Monday, July 14, 2014

Gentle

Gentle

Ephesians 4:2 "Always be humble and gentle.  Be patient with each other's faults because of your love" (NLT)


I checked out my face book this morning and my sister had posted a picture of a delightful young woman with a before and after picture of her posted.  To my surprise it was not of weight lost, but weight gained.  The first was of her starving anorexic self, the second of her curvy recovered self.  I found myself scrolling obsessively through numerous other pictures of young women and a few older women like myself, posts of their eating disordered bodies and their recovered bodies. At first I found myself wondering how I measured up compared to these other eating disordered women.  Was I thin enough to have been considered sick?  Am I heavy enough to be considered well? Then  I was struck by the varying degree of thinness the equated sick versus well for each woman.  Frankly some that seemed to be fairly normal sized in their illness, were the sickest, starving their naturally curvy bodies just to try to achieve even something close to our warped cultural ideal body.  Then their were the others that, like myself, who wore the scars of the eating disorder for all to see.  Finally there are those that don't even have the pictures to post because they are suffering behind the bathroom door, puking up all they have taken in, or those hiding  behind the protective layers of fat that cause others to be repulsed.
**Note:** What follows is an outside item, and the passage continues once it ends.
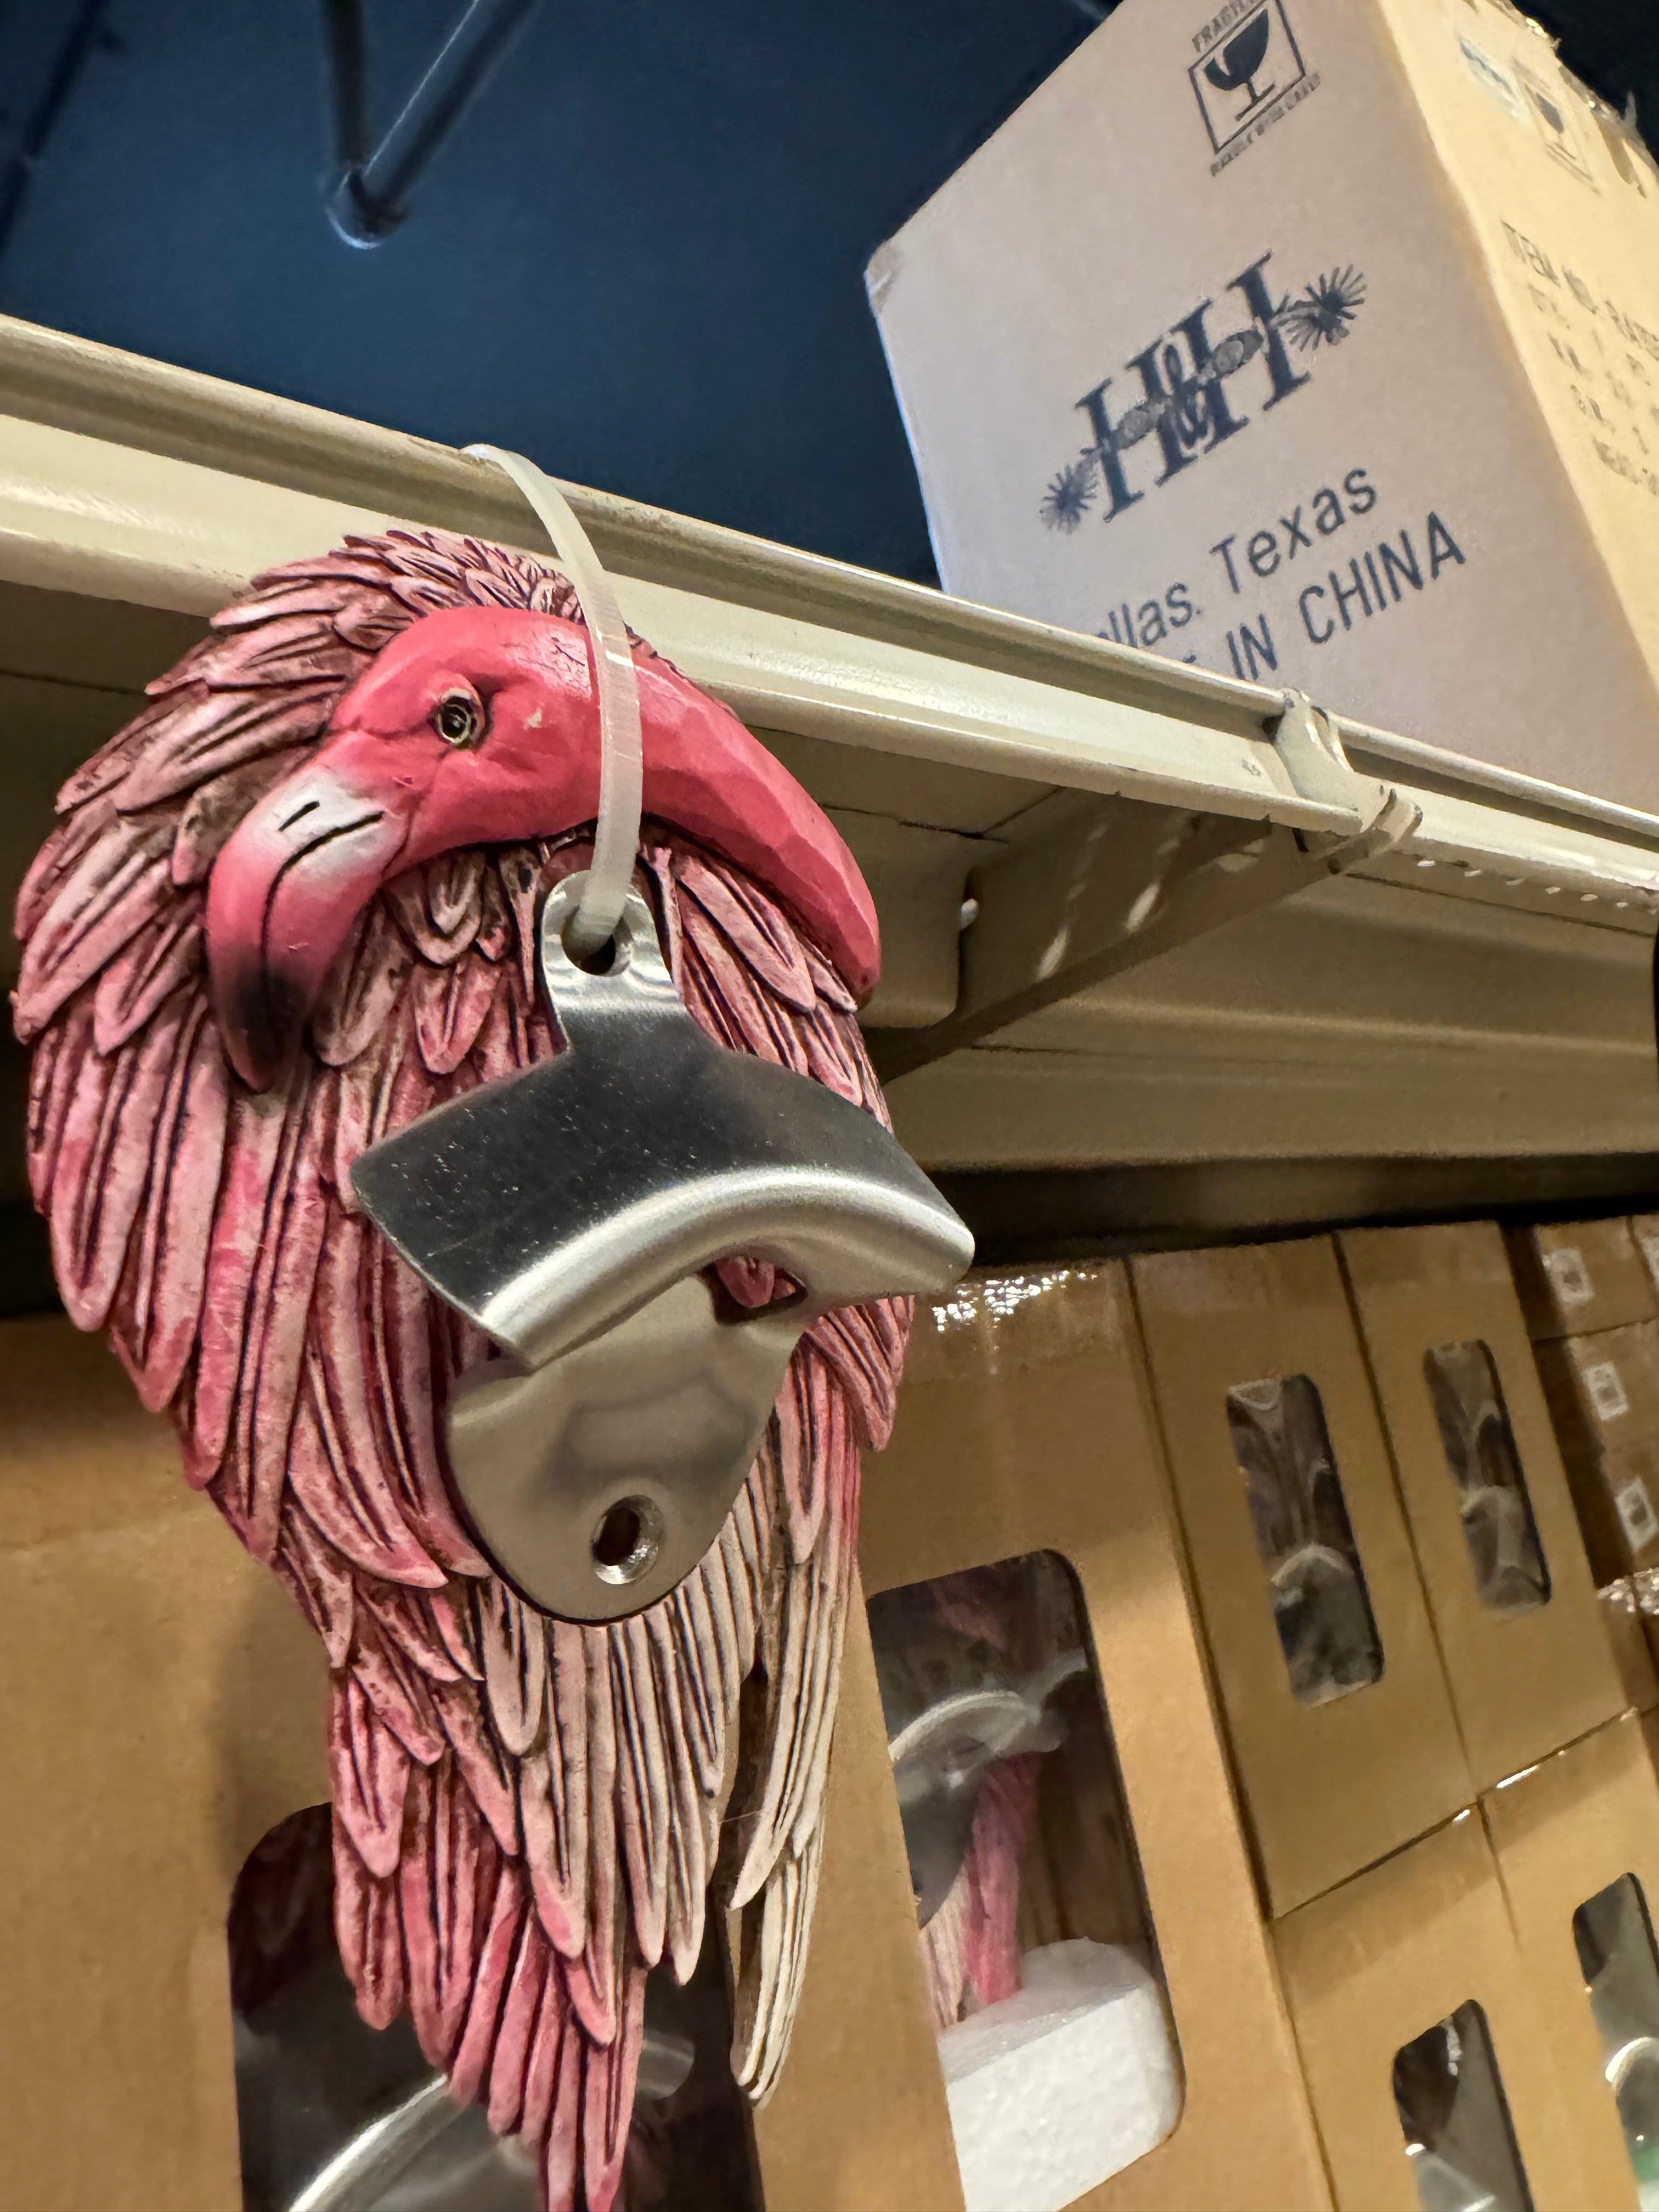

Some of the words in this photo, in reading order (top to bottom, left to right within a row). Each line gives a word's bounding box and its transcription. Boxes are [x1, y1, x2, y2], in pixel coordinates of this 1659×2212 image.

[1209, 469, 1376, 594] Texas
[1226, 613, 1278, 681] IN
[1299, 510, 1466, 644] CHINA
While our cultural obsession may feed the eating disorders or fan their flames, it is really something deeper within us that really feeds the eating disorder.  It is the way we cope with hurts, loss, trauma, and our desire to be seen as we fade away, or hide our shame behind closed bathroom doors, or those layers of fat.  It is our "no", and distorted means of controlling what we can't control, but just like the swirling of the vomit in the toilet bowl, or the swirling of our undernourished bodies as we try to stand, the shame we try to flush away or starve continues to swirl and swirl and unlike the waters that go still in the toilet bowl or the bodies that eventually steady themselves, there is no stillness in the soul for those of us stuck in the vortex.
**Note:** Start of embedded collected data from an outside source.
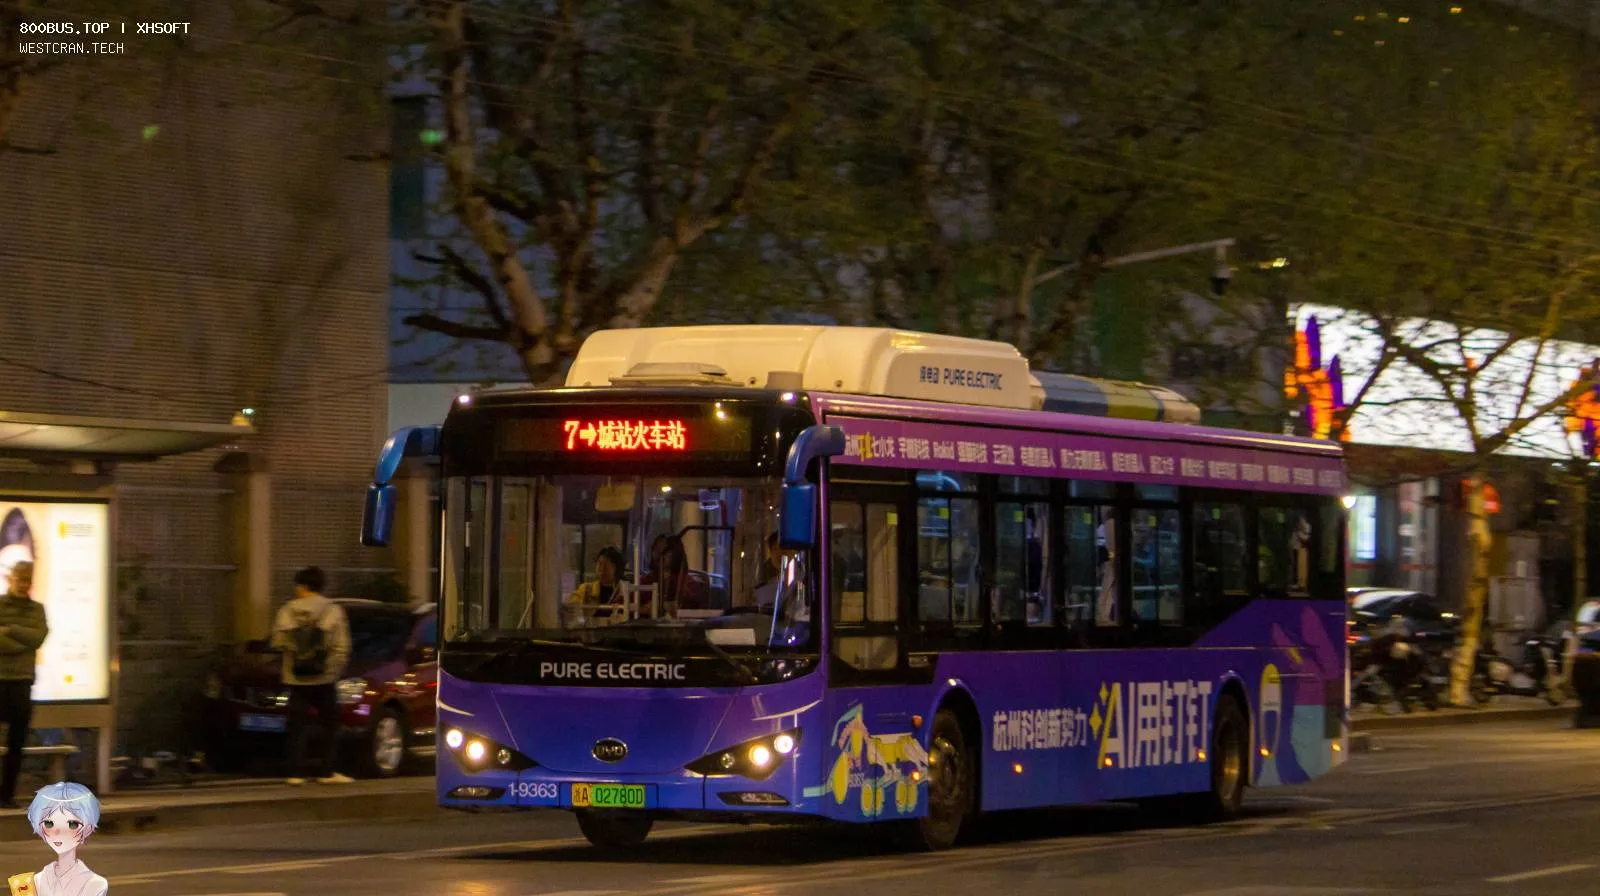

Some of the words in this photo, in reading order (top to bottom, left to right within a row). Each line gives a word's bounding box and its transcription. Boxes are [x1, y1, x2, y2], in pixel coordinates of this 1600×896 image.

[564, 420, 580, 449] 7
[597, 420, 686, 449] 城站火车站
[540, 662, 592, 679] PURE
[596, 663, 686, 680] ELECTRIC
[508, 781, 557, 798] 1-9363
Dare I say that I am one of the lucky ones?  Although I am now at a much healthier weight, I wore my eating disorder for all to see actually revealing my truth.  Maybe that isn't so bad after all.    I am exposed as someone who has been hurt and wounded along this journey we call life.  The only difference between me and the rest of the world is that you can see from my outside how much I am hurting on the inside.  Maybe this reminds you to be gentle with me, but how wonderful would it be if we were all gentle with each other, recognizing that we all carry wounds that are hidden?  Some of these wounds lie just beneath the surface of our facades, easily splayed open, while others are buried deep in the soil of our souls where enough digging can cause them to erupt like undiscovered wells.  Sadly, some the most painful wounds come from those who are closest to us, and they are the ones that can rip them open repeatedly, yet the one who loves me, and you, above all yearns to heal all my wounds and even FEED me.  Isaiah 40:11 "He will feed his flock like a shepherd, He will carry the lambs in his arms, holding them close to his heart.  He will gently lead the mother sheep with their young" (NLT).  He loves each of us enough to nourish us, and hold us close to his heart.  So, even if for a moment I rest in His arms.